In the past, Towns has demonstrated an ability to work effectively across party lines. Working with Republican Mike Rogers of Michigan, he got the House to pass a bill imposing uniform safety rules on food. In 2005, he infuriated Minority Leader Nancy Pelosi by breaking ranks to vote for the Central American Free Trade Agreement on a very close roll-call vote. The agreement passed 217-215. She demanded an explanation and threatened to deprive Towns, and a few other maverick Democrats, of their committee seats. When Democrats took over the House in 2007, Towns did not get a subcommittee chairmanship on Energy and Commerce, perhaps as a result of Pelosi’s unhappiness over his CAFTA vote.
Still, he managed to get a few things done once Democrats were in the majority. He won enactment of a bill to permit state and local governments to purchase equipment for homeland security and law enforcement at the discount prices available to federal agencies. And he won passage of a provision in the higher-education bill to aid minority colleges. Earlier in his House career, Towns had sponsored the Student Athlete Right-to-Know Act, which required colleges to report the graduation rates of student athletes.
Towns has faced serious primary challenges in recent elections. In 1997, he endorsed Republican Rudolph Giuliani for re-election as mayor of New York City. Voters in Bedford-Stuyvesant were not wild about Giuliani, and in 1998, Kings County Democratic Chairman Clarence Norman recruited Barry Ford, a Harvard-educated Wall Street lawyer, to run against Towns in the primary. Towns’s critics concentrated on his opposition to anti-tobacco legislation, which he’d argued would hurt farmers. The Campaign for Tobacco-Free Kids put up billboards reading, “Representative Towns: Big Tobacco or Kids?” Towns beat Ford 52%-36%. Emboldened by his decent showing against a longtime incumbent, Ford barely stopped campaigning over the next two years. Towns defended his support of Giuliani by pointing to the mayor’s support for commercial development, and he refused campaign contributions from tobacco companies. This time Towns beat Ford 57%-43%.

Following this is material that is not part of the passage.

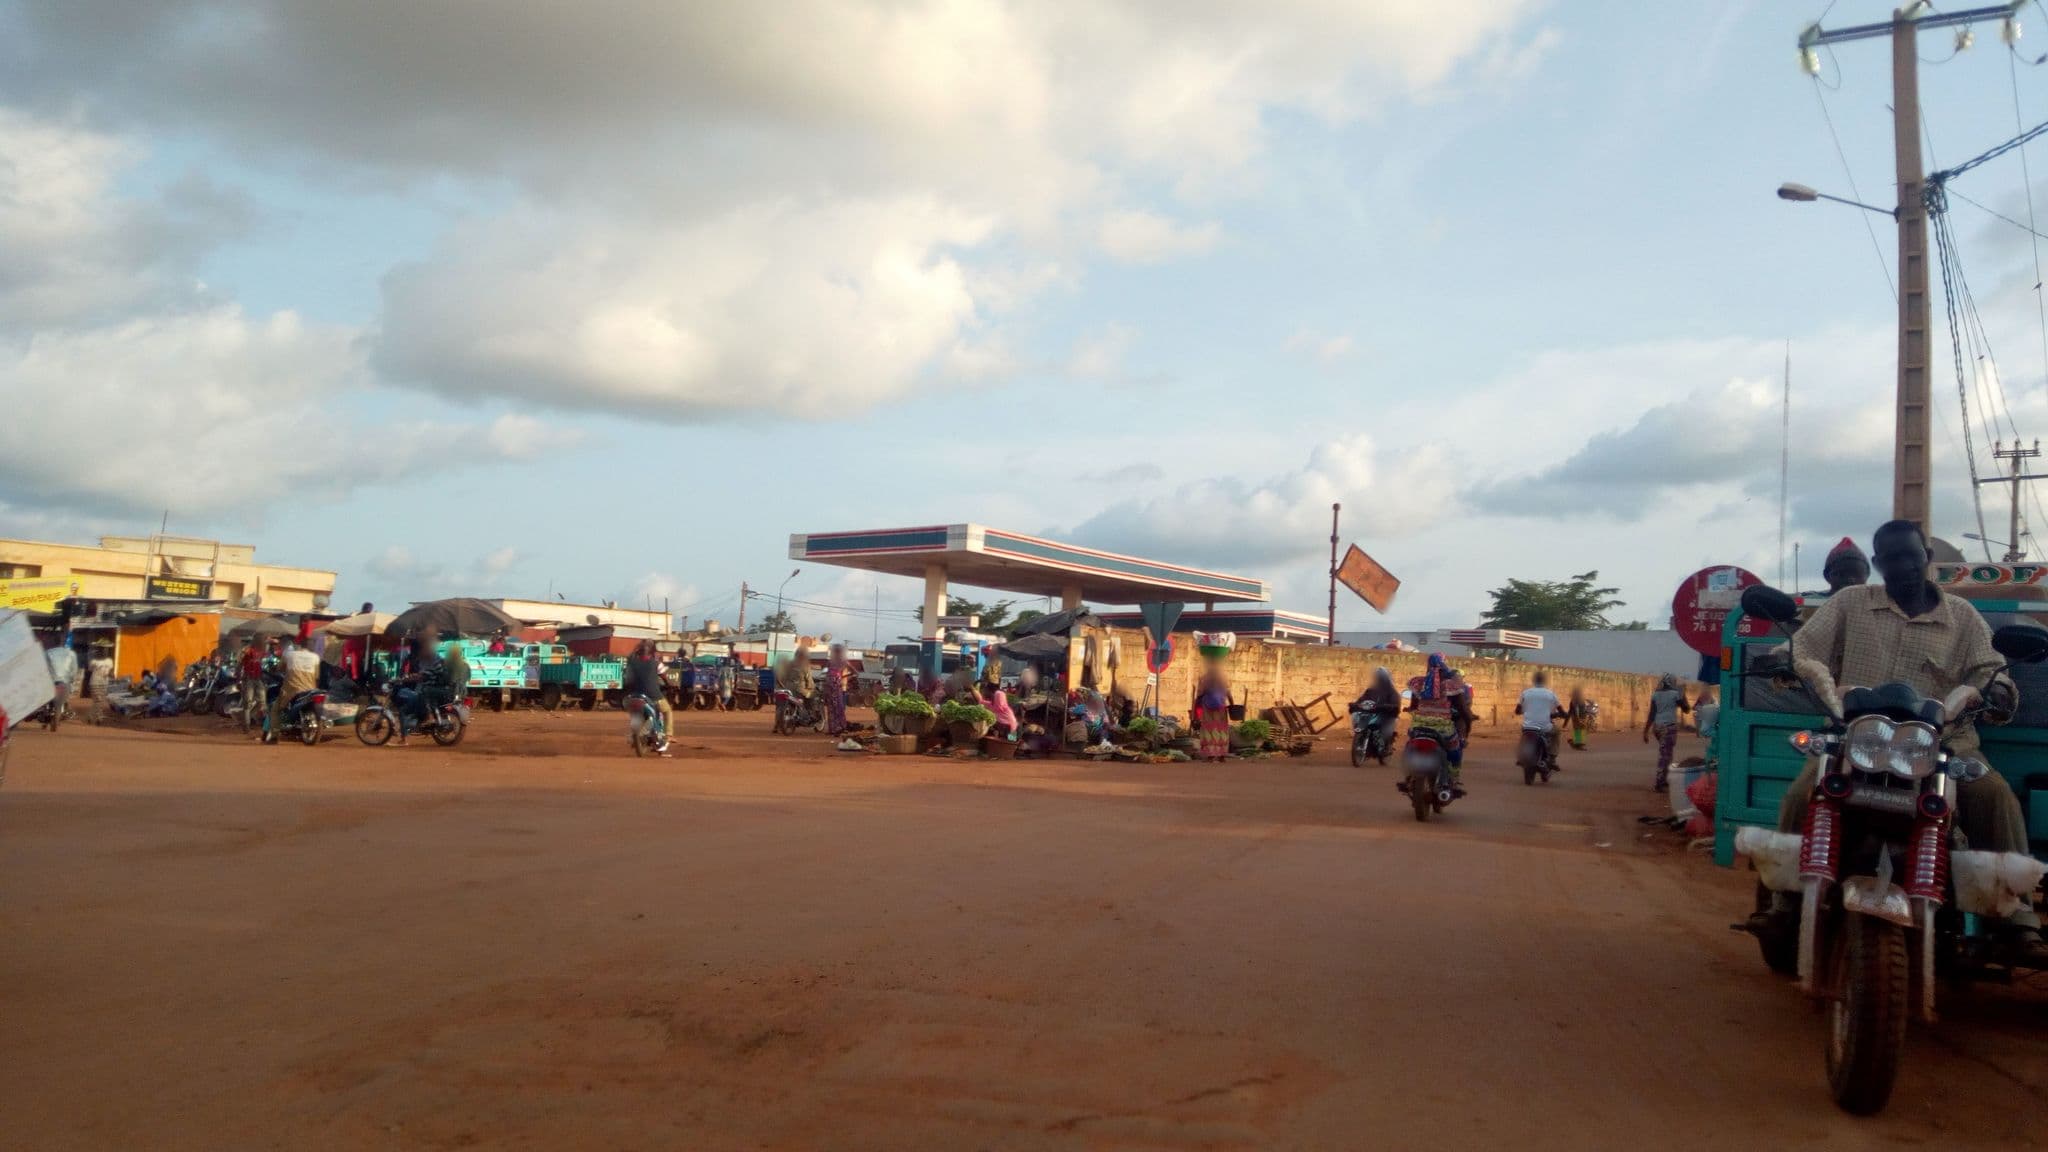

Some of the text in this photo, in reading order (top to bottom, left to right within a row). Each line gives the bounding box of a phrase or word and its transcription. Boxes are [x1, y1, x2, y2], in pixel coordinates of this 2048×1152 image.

[152, 579, 198, 589] WESTERN
[165, 586, 198, 595] UNION
[1692, 611, 1725, 621] JEUD

In 2006, his opponents in the primary were Councilman Charles Barron, who said that Towns had been “missing in action for years,” and Assemblyman Roger Green. But the challengers had their own problems. Barron’s call for reparations for descendants of slaves was controversial, and Green had pleaded guilty in 2004 to petty larceny for phony travel expenses while in office. Towns stayed above the fray and raised a lot of money. He won the primary with 47%, to 37% for Barron and 15% for Green—less-than-impressive results for a 12-term incumbent. Towns fared better in 2008 against Kevin Powell, a television reality show celebrity. Powell criticized Towns for his lack of influence in Congress and for endorsing Sen. Hillary Rodham Clinton in the Democratic presidential primary while many of his constituents supported Obama. But Towns stepped up his own campaigning and defended his support for his home-state senator, and he won 68%-32%.
There has been speculation that the incumbent would like to pass the district to his son, Assemblyman Darryl Towns, when he retires. But his rise to a chairmanship at age 74 might delay that prospect.